Work instruction → Restate word for word the span that opens with the line containing "Some of the text" and closes with the final line of the data; give only those lines.

Provided data →
════════════════

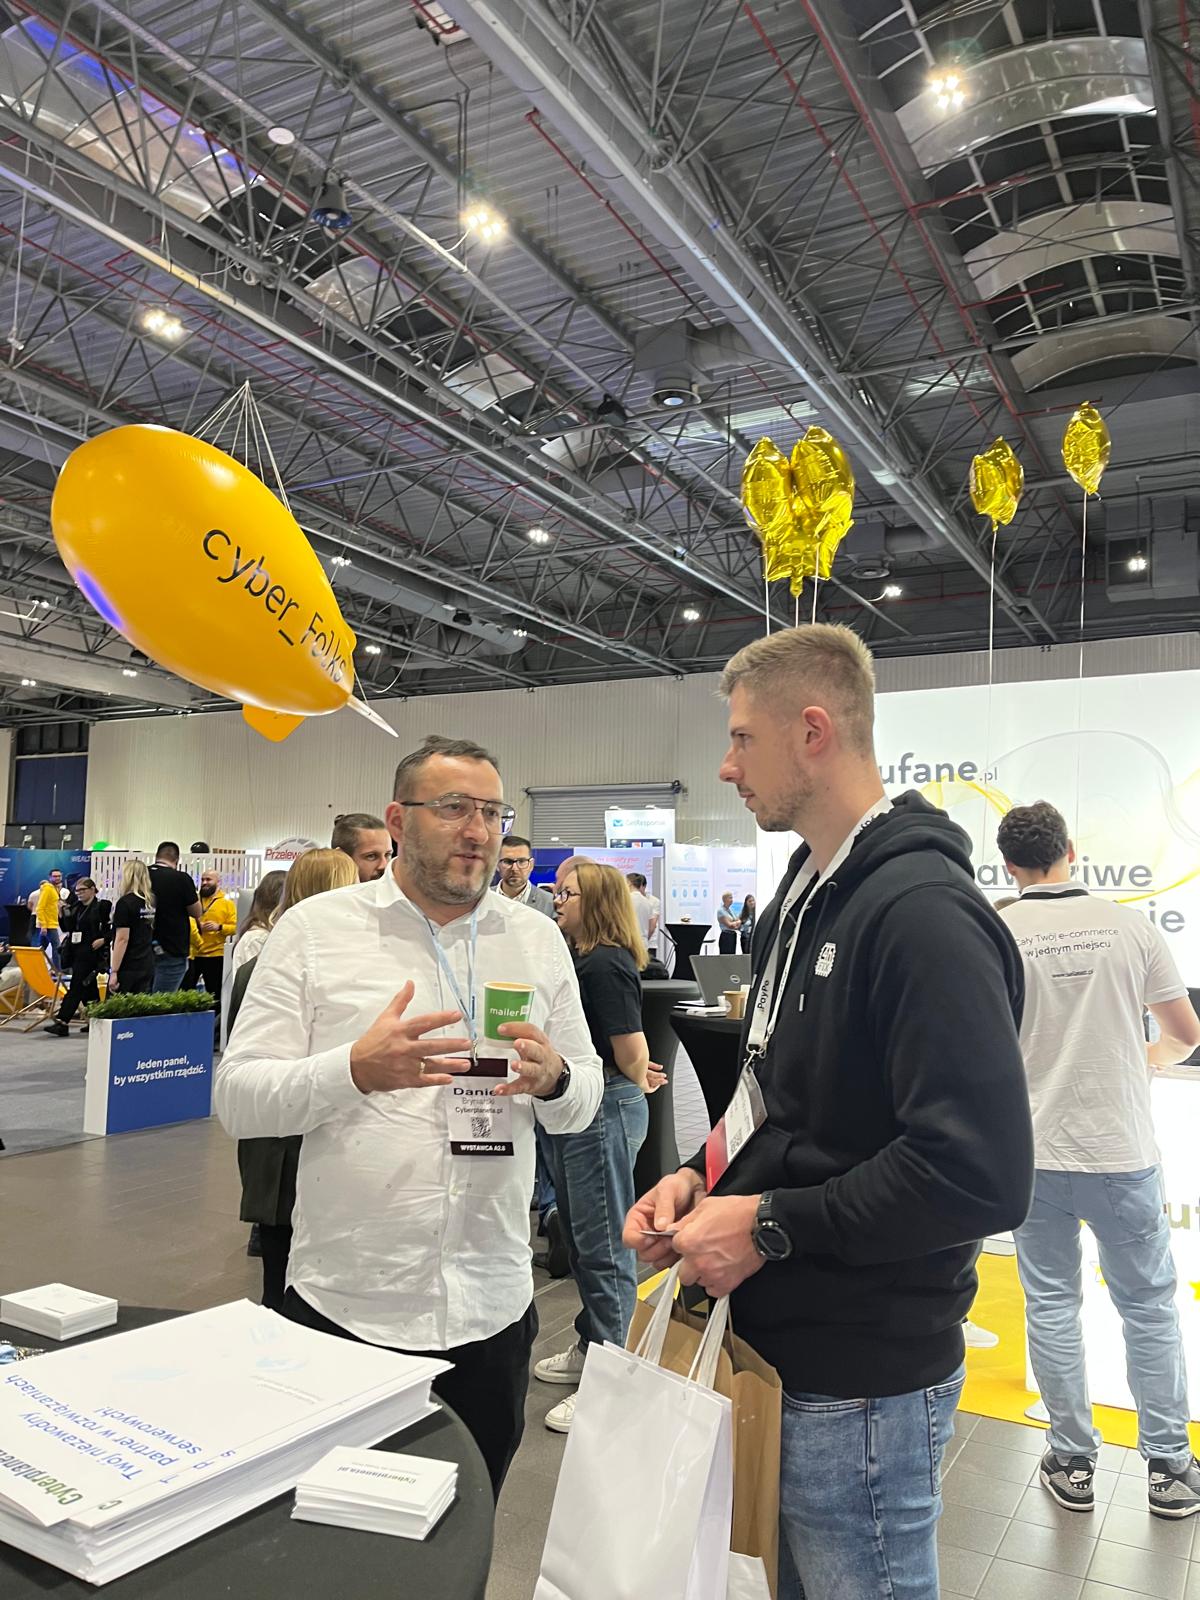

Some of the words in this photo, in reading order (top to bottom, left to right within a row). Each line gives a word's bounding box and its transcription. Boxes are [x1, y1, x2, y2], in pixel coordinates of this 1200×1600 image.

[203, 529, 347, 682] cyber_Folks
[1058, 927, 1119, 940] e-commerce
[1034, 944, 1071, 958] jednym
[1073, 940, 1111, 951] miejscu
[113, 1075, 126, 1086] by
[127, 1068, 173, 1083] wszystkim
[175, 1063, 206, 1078] rządzić.
[136, 1059, 162, 1070] Jeden
[163, 1055, 189, 1068] panel,
[5, 1374, 101, 1432] rozwiązaniach
[20, 1412, 106, 1458] niezawodny
[94, 1407, 202, 1455] serwerowych!
[100, 1429, 117, 1438] w
[114, 1436, 180, 1466] partner
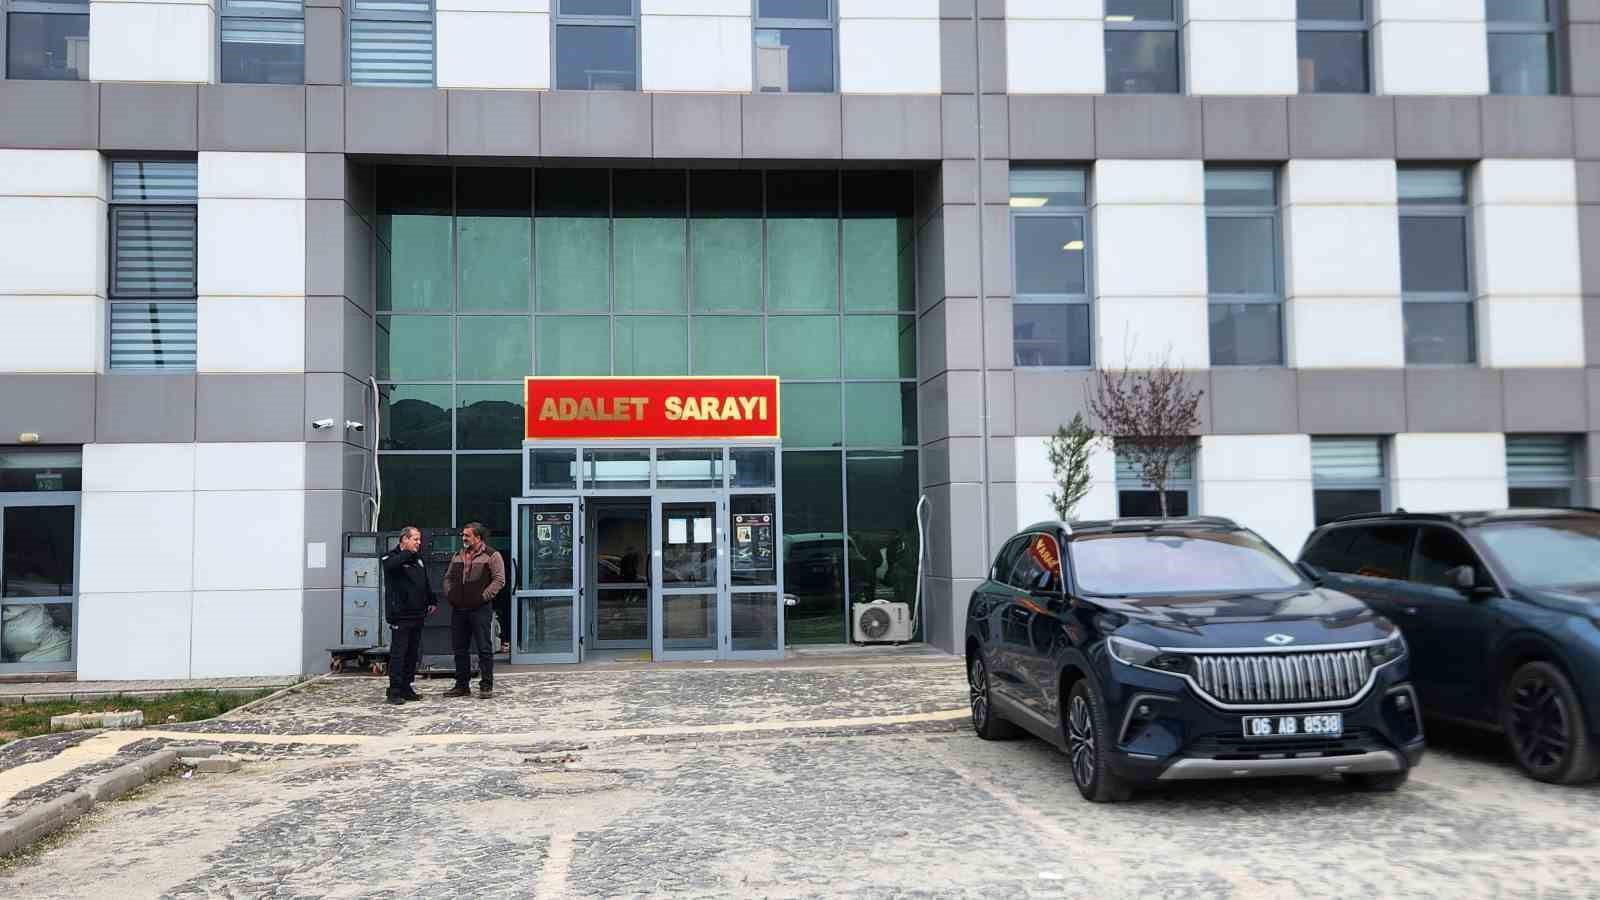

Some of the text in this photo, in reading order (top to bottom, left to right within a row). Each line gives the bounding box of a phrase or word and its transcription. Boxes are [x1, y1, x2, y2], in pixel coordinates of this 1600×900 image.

[539, 396, 768, 421] ADALET SARAYI
[1252, 718, 1272, 735] 06
[1278, 717, 1297, 734] AB

════════════════

Exercise answer →
Some of the text in this photo, in reading order (top to bottom, left to right within a row). Each line gives the bounding box of a phrase or word and its transcription. Boxes are [x1, y1, x2, y2], in pixel coordinates of this 1600×900 image.

[539, 396, 768, 421] ADALET SARAYI
[1252, 718, 1272, 735] 06
[1278, 717, 1297, 734] AB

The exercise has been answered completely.